On 21 June, a skid-launched lifeboat was damaged during a planned drop test on Veslefrikk B. Statoil's report revealed weaknesses in the cover. This led to an immediate decision to cease use of this type of free-fall lifeboat on Veslefrikk B, and production was shut down. Since the same type of skid-launched lifeboats are used on Kristin, these lifeboats were also immediately taken out of operation and manning on Kristin was reduced to a minimum.
In order to continue preparations for start-up of the Kristin field, Statoil applied for a temporary exemption from the regulatory requirements in Section 43 of the Facilities Regulations, which deal with means of evacuation, including free-fall lifeboats. Statoil wants to increase the number of persons on the facility beyond the safety manning by stationing a dedicated helicopter on board for emergency evacuation.

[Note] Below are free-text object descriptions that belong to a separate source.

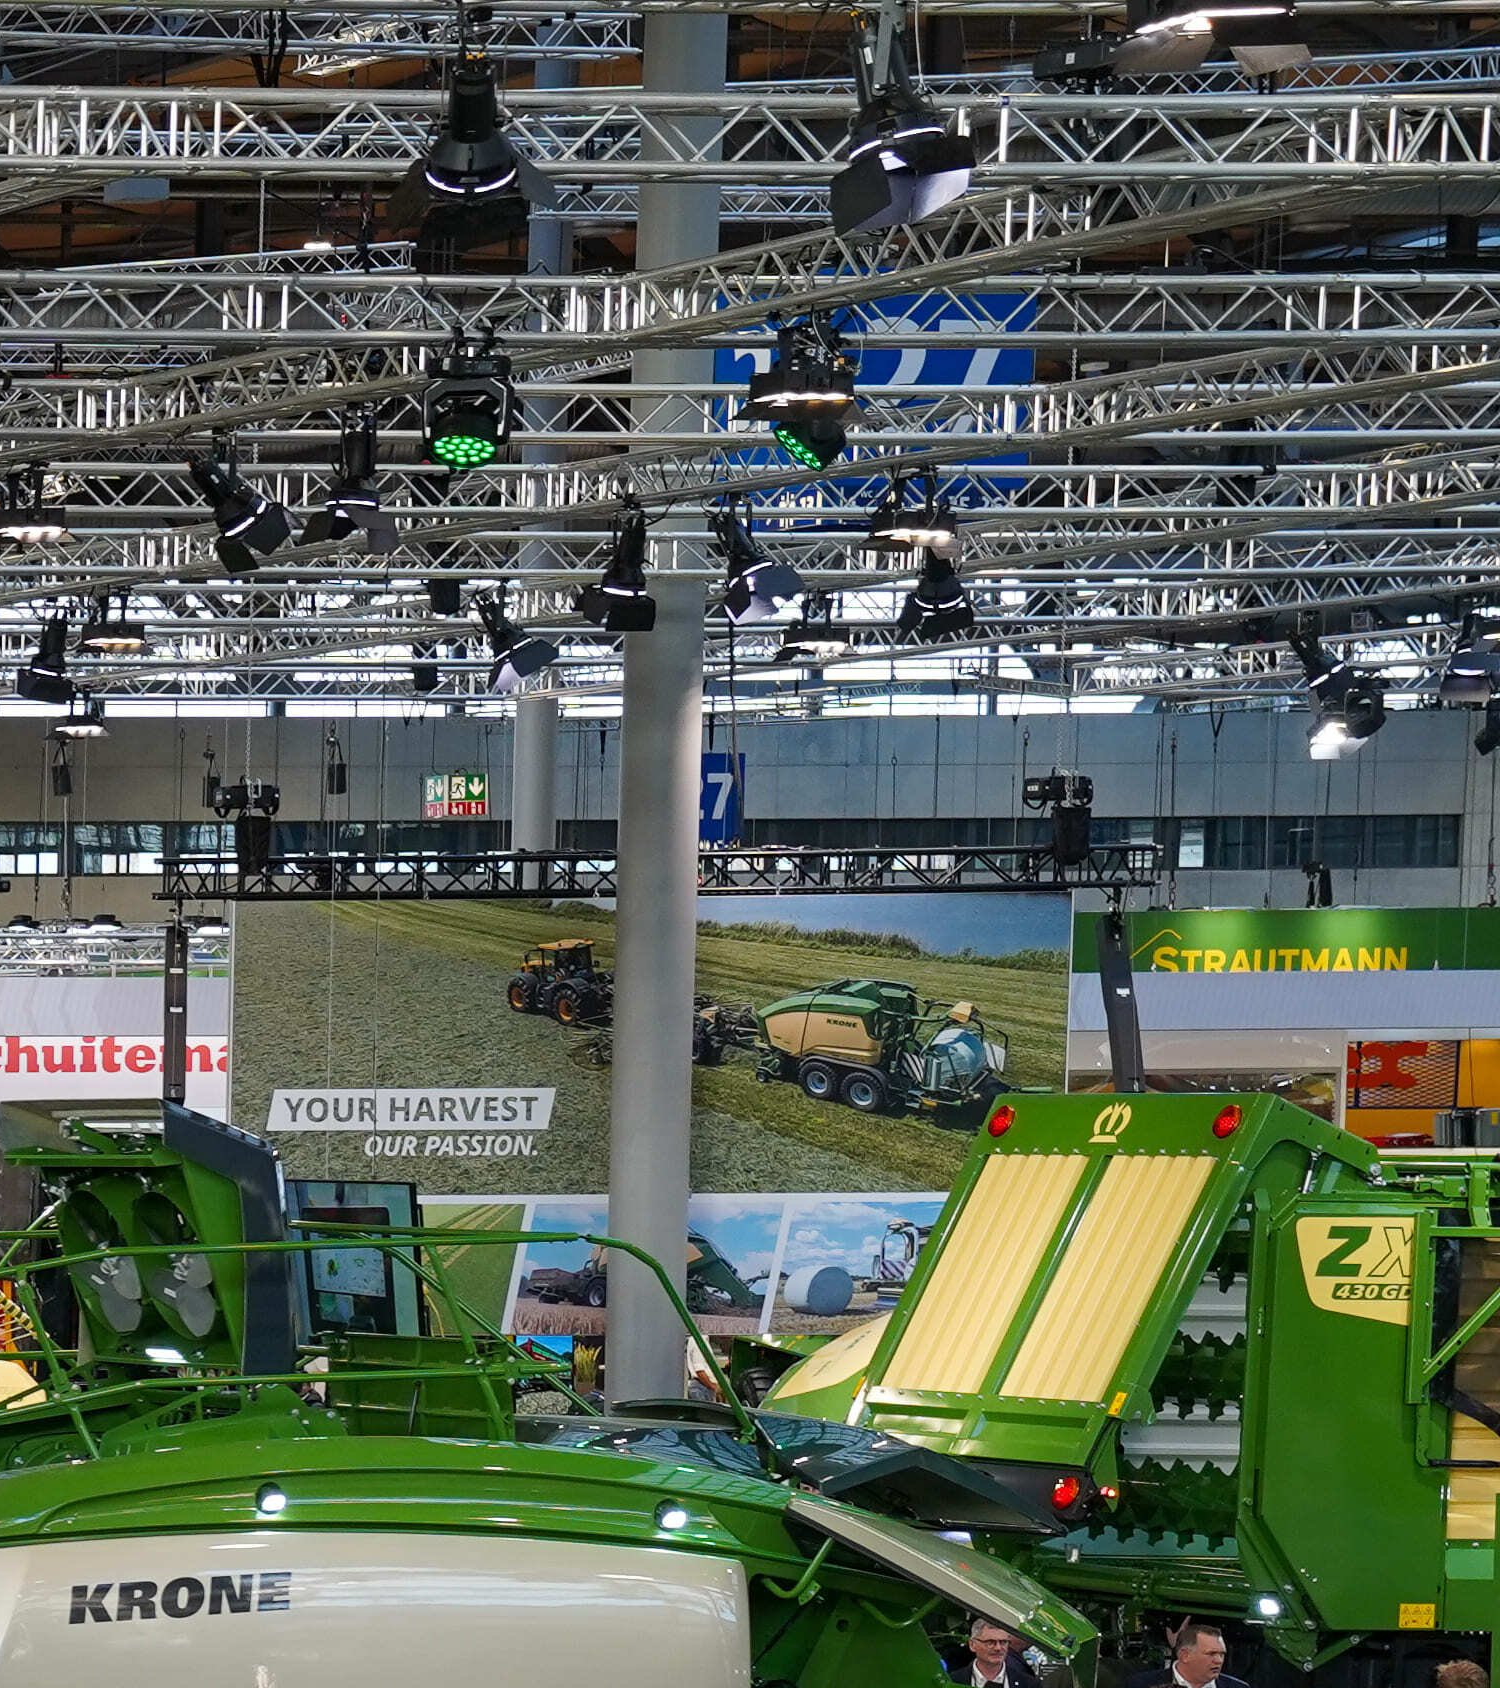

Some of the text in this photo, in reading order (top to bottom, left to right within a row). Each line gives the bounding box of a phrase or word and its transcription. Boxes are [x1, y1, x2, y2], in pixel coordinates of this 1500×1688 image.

[700, 773, 733, 820] 7
[1152, 946, 1408, 972] STRAUTMANN
[826, 1018, 859, 1030] KRONE
[284, 1096, 539, 1123] YOUR HARVEST
[363, 1134, 539, 1157] OUR PASSION.
[1335, 1284, 1380, 1299] 430
[68, 1572, 293, 1625] KRONE

Based on Statoil's documentation and evaluations by the Civil Aviation Authority and the PSA, an exemption from the regulatory requirement will be granted for a limited period. Preconditions for the exemption include compensatory measures, such as:
- The facility is in safe condition (gas-free and seaworthy)
- SAR preparedness on Heidrun is reinforced through reduced mobilization time
- Marine monitoring is reinforced (Sandsli)
- A dedicated stand-by vessel (Ocean Fighter) is at Kristin
- A helicopter is placed on the facility for evacuation of personnel.